Voltando aos “nãos” e á forma como eles ressoam em meus ouvidos, tenho reparado que sempre que ouço um “não” de uma mulher fico pior que estragado, não sei se já levaram com um “não” vestido de “sim”, a diferença é que este vem de tanguinha, pois não quer ferir em demasia a pessoa. Ou por outras palavras, é quando a mulher gosta do cara, mas o manda pastar mais uns tempos até este estar consciente de seus verdadeiros atos. Nesse quesito, não as condeno - melhor - lhe dou todo o meu apoio.

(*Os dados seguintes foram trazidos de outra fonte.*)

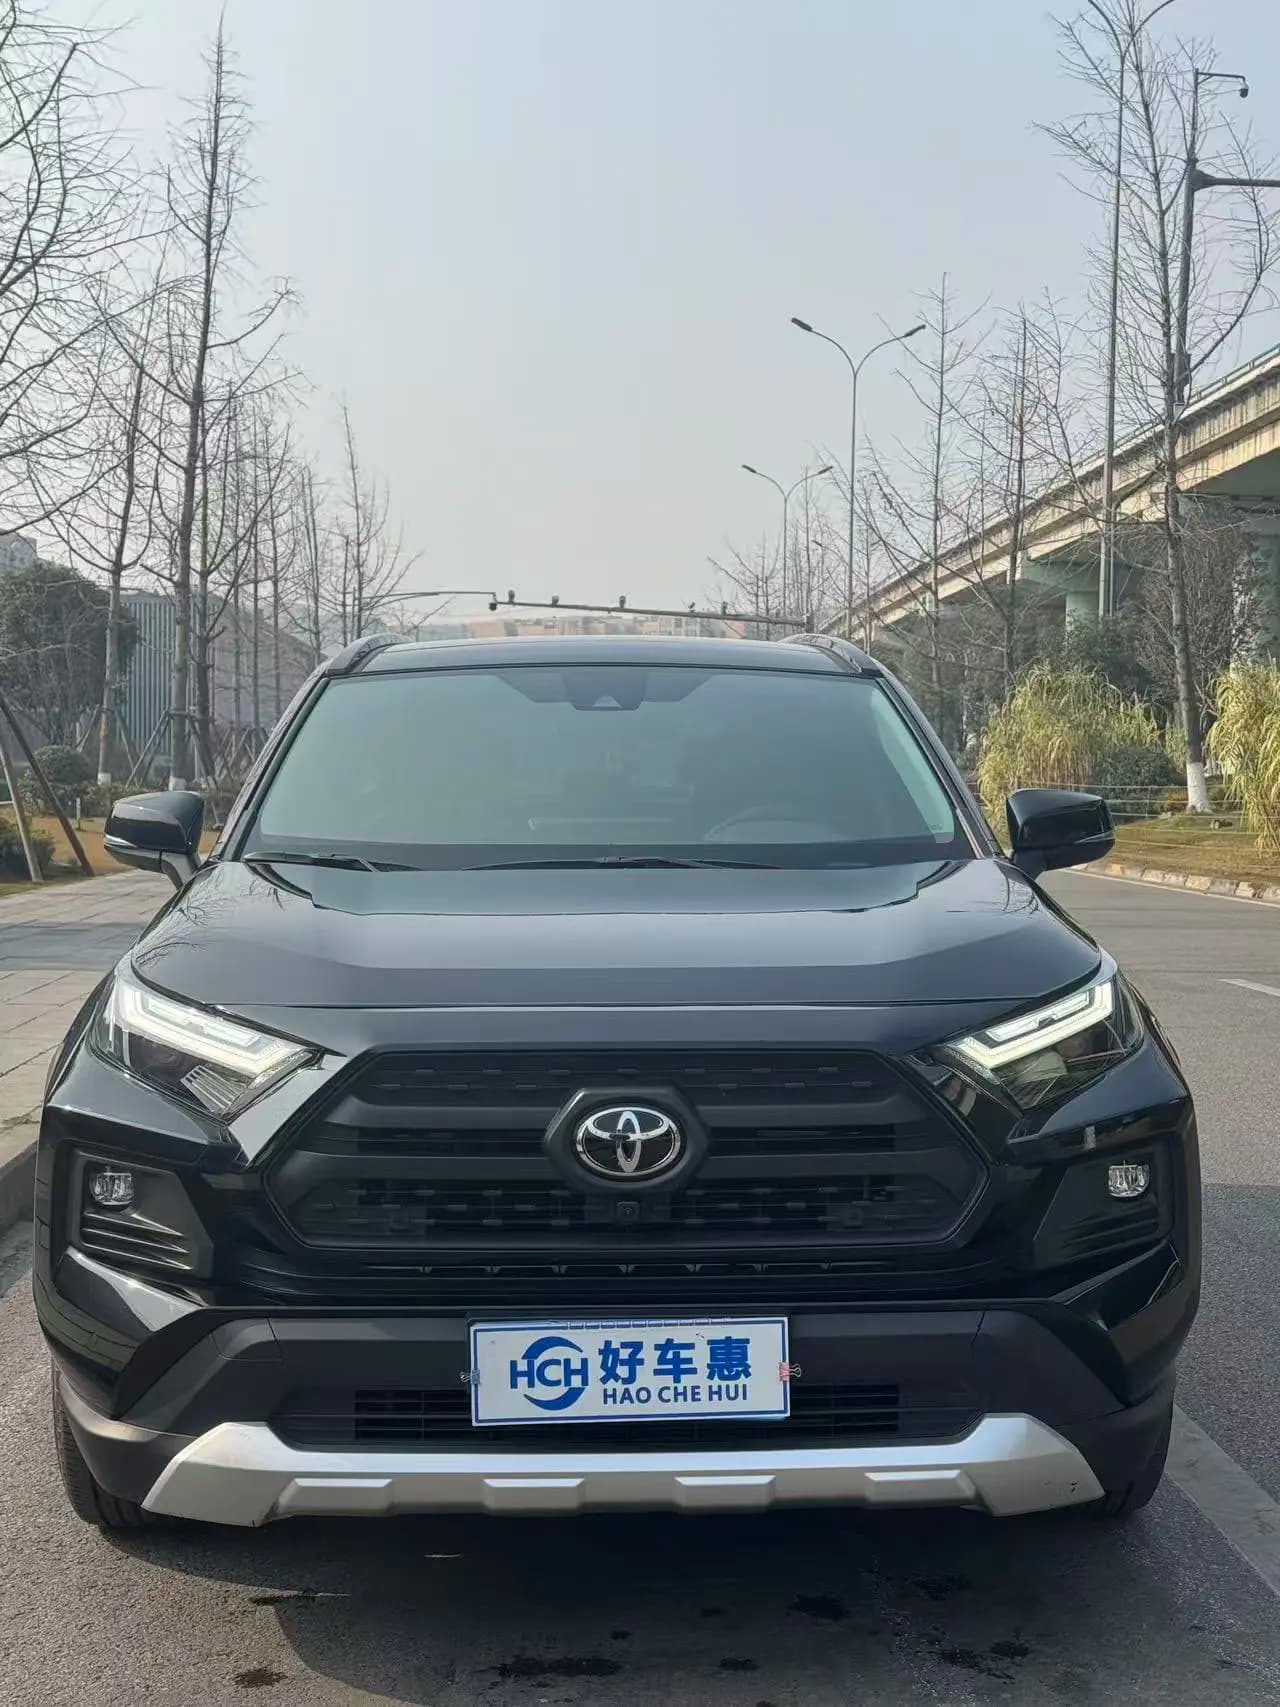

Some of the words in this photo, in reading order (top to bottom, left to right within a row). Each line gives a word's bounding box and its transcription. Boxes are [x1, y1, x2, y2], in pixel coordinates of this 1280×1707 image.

[509, 1357, 590, 1389] HCH
[598, 1336, 752, 1385] 好车惠
[602, 1386, 652, 1405] HAO
[657, 1385, 702, 1403] CHE
[707, 1383, 748, 1402] HUI
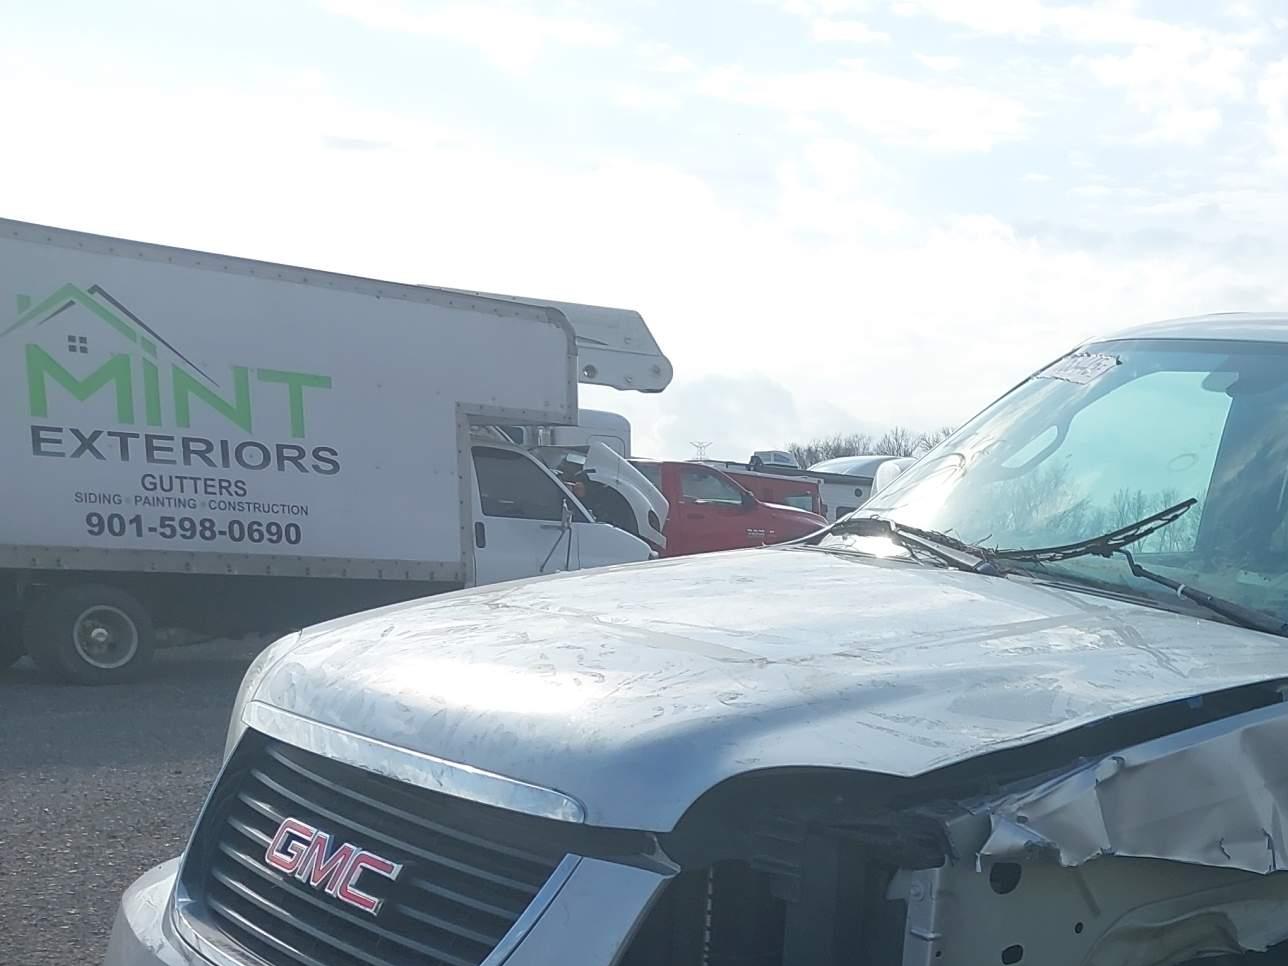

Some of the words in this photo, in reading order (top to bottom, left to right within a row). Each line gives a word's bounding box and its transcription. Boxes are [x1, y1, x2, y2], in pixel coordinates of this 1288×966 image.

[25, 343, 332, 438] MINT
[30, 425, 341, 475] EXTERIORS
[74, 491, 123, 505] SIDING
[134, 495, 197, 509] PAINTING
[208, 499, 309, 516] CONSTRUCTION
[140, 473, 248, 497] GUTTERS
[85, 512, 302, 545] 901-598-0690
[264, 816, 403, 916] GMC
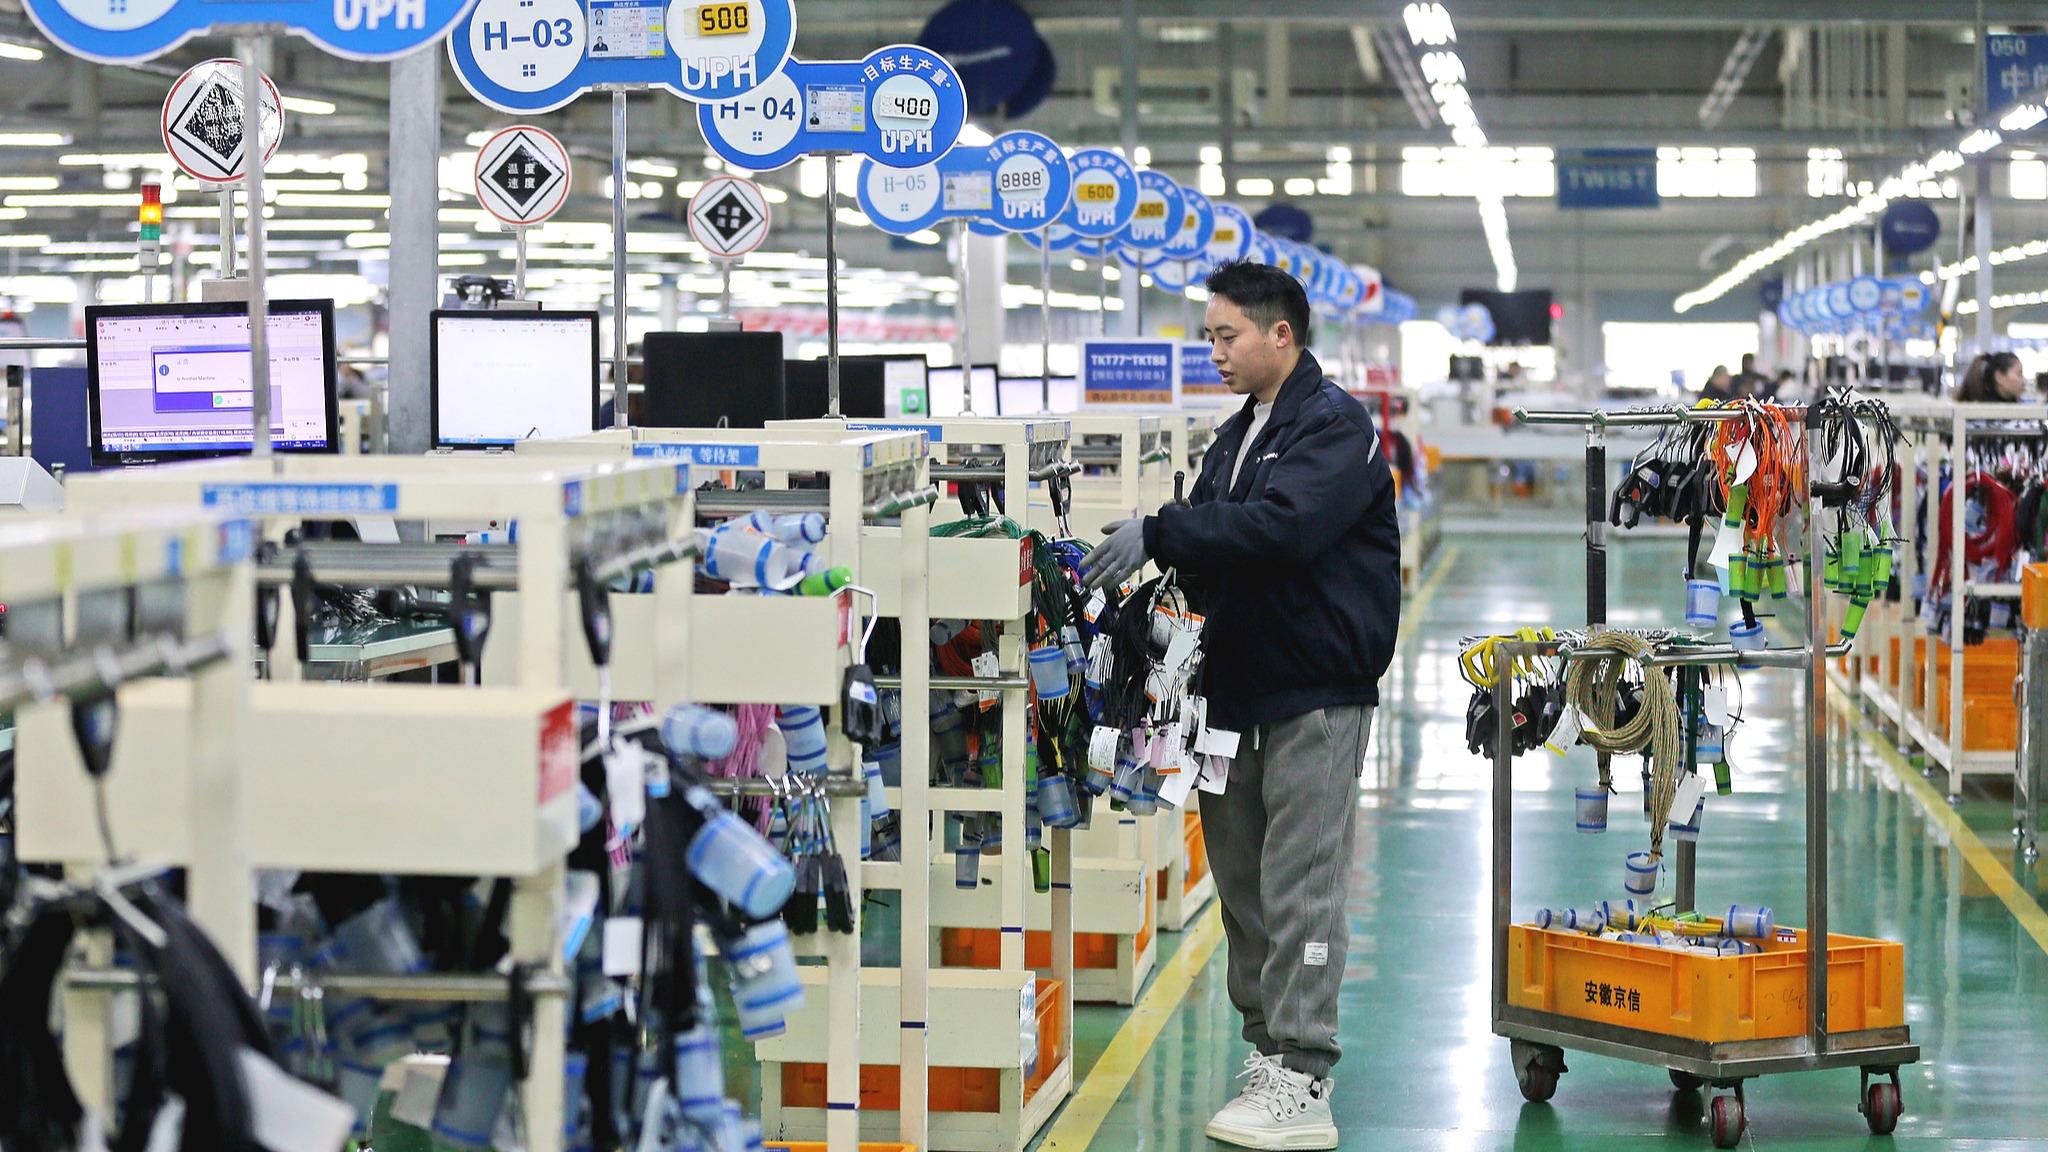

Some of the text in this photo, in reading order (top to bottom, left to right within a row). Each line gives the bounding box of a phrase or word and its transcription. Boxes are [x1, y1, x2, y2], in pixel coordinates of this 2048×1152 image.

[334, 0, 426, 31] UPH
[483, 19, 573, 50] H-03
[1991, 39, 2026, 56] 050
[679, 56, 757, 90] UPH
[863, 54, 948, 88] 目标生产量
[720, 97, 796, 121] H-04
[880, 129, 933, 153] UPH
[508, 163, 535, 174] 温度
[508, 178, 535, 189] 速度
[884, 174, 927, 193] H-05
[1568, 169, 1648, 190] TWIST
[1087, 185, 1115, 199] 600
[1003, 199, 1046, 219] UPH
[1077, 207, 1116, 226] UPH
[1584, 980, 1641, 1013] 安徽京信
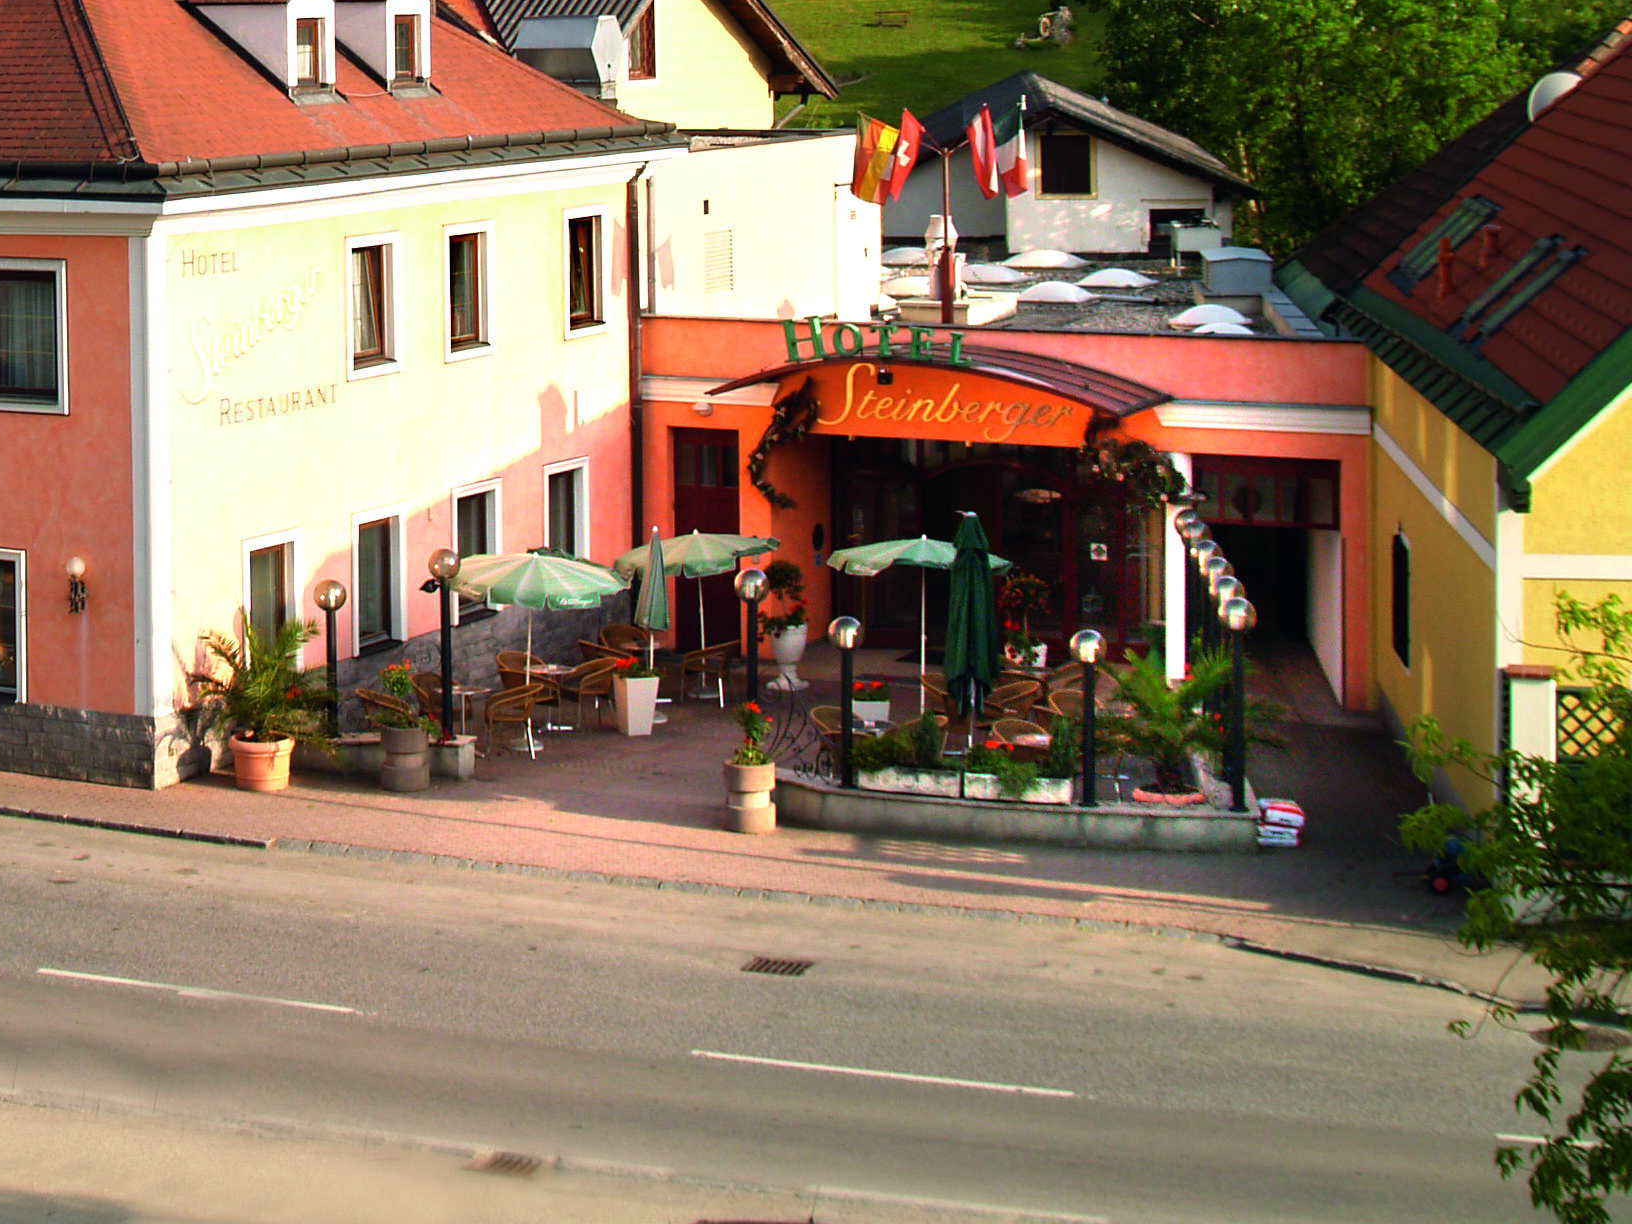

Medir os meus atos é coisa que ainda não consigo fazer, ou se consigo, o faço em conta-gotas... Sempre ajo antes de pensar, trabalho em cima de impulsos nervosos que me pululam para os píncaros da ribalta...; esperem, não sei onde fui buscar esta frase, cortem ela... cortem também o medo que por vezes me assola em momentos decisivos da minha vida.
- Os livros? Ah sim... os livros, esses nunca me dizem que não, aliás, durante este período sabático devorei alguns que ganhei de presente de meus inimigos. Engraçado como eles tem bom gosto! Senão reparem: do X ganhei “Uma crônica de uma morte anunciada” de Gabriel Garcia Marques; do Y “Os chefes e os filhotes” de Mário Vargas Llosa; do Z “Terra Sonâmbula” de Mia Coto; e do Alfa eu recebi a “Queda” de Albert Camus. Ora digam lá se eles não capricharam...
De todos eles, houve um que me marcou de forma principesca, “Uma crônica de uma morte anunciada”.